What you need to do —
Exactly as written, return all the data, leaving its pictures behind.

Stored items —
--------------------

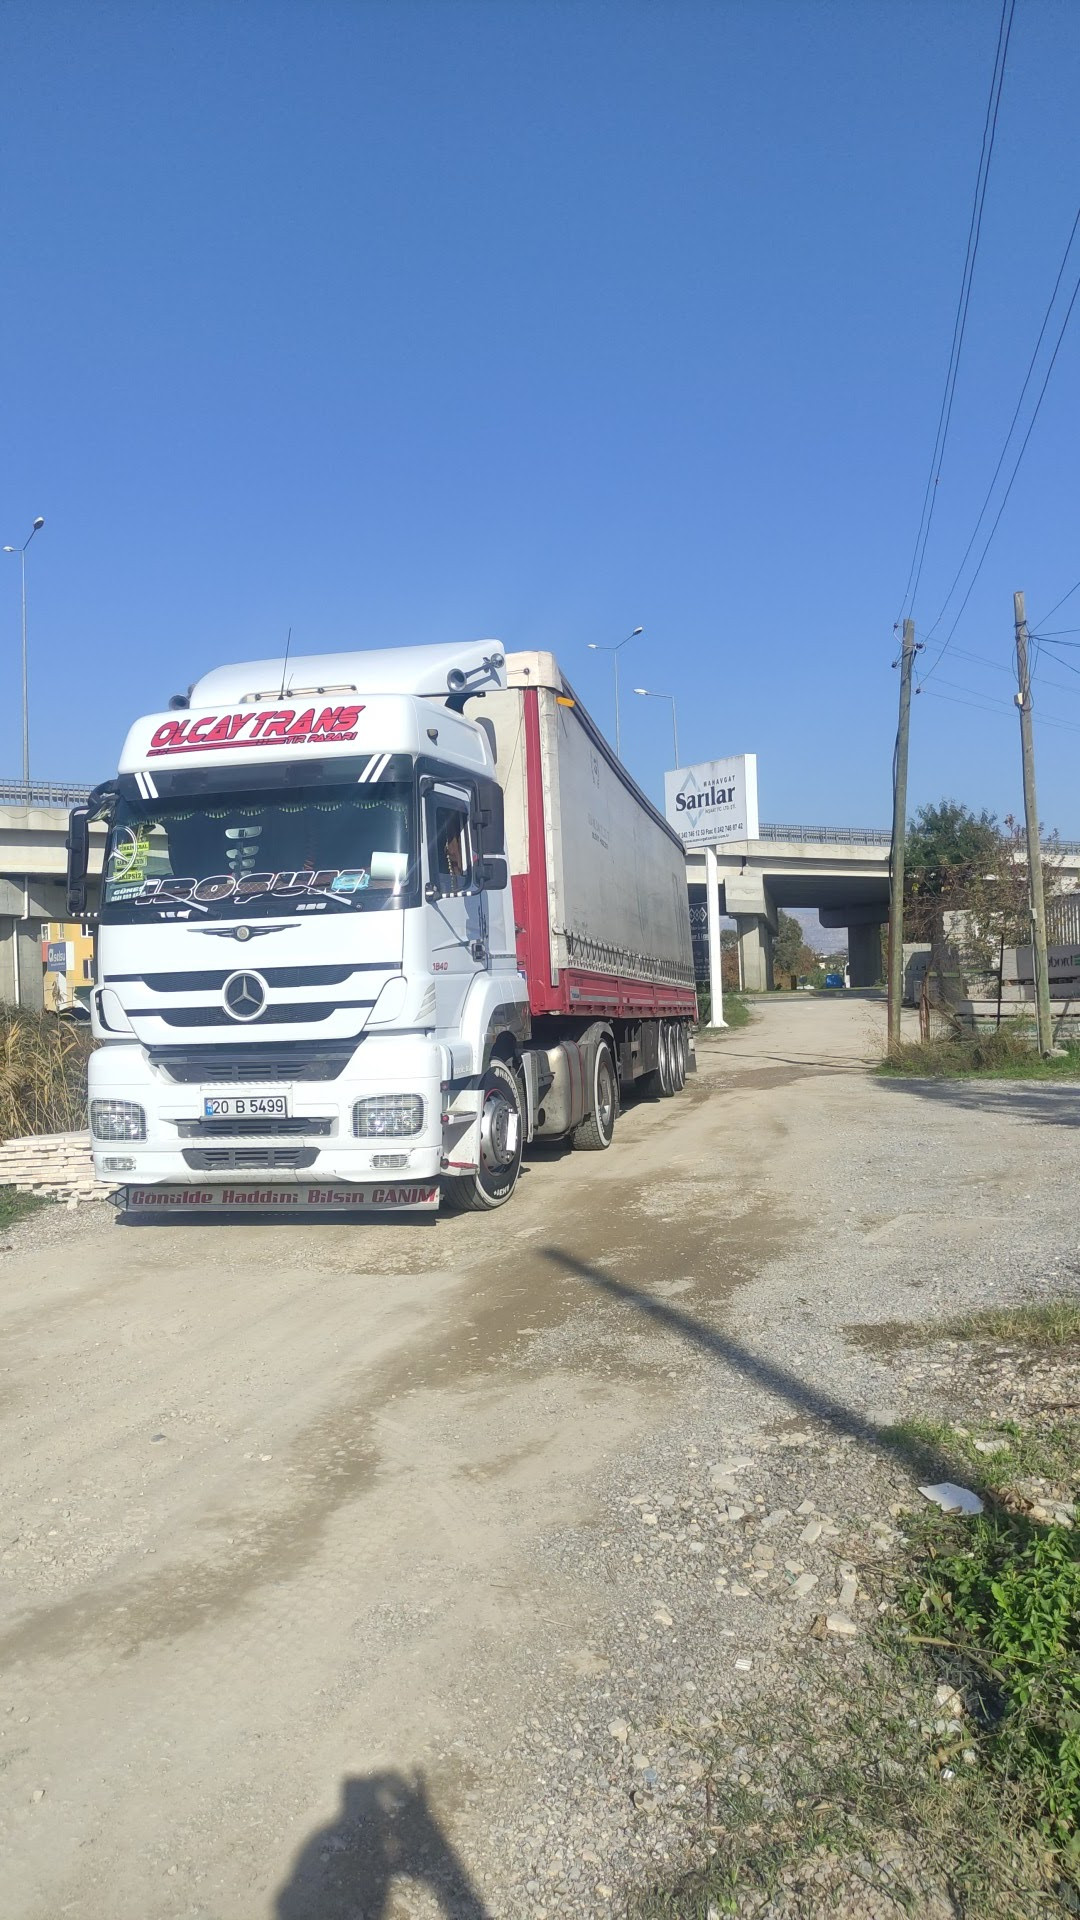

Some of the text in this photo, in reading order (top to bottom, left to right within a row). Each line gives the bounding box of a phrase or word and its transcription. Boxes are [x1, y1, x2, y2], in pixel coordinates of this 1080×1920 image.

[212, 1100, 229, 1114] 20
[236, 1100, 245, 1114] B
[250, 1099, 284, 1113] 5499
[307, 1189, 365, 1204] Bilsin
[371, 1187, 438, 1204] CANIM

--------------------

Solution —
Some of the text in this photo, in reading order (top to bottom, left to right within a row). Each line gives the bounding box of a phrase or word and its transcription. Boxes are [x1, y1, x2, y2], in pixel coordinates of this 1080×1920 image.

[212, 1100, 229, 1114] 20
[236, 1100, 245, 1114] B
[250, 1099, 284, 1113] 5499
[307, 1189, 365, 1204] Bilsin
[371, 1187, 438, 1204] CANIM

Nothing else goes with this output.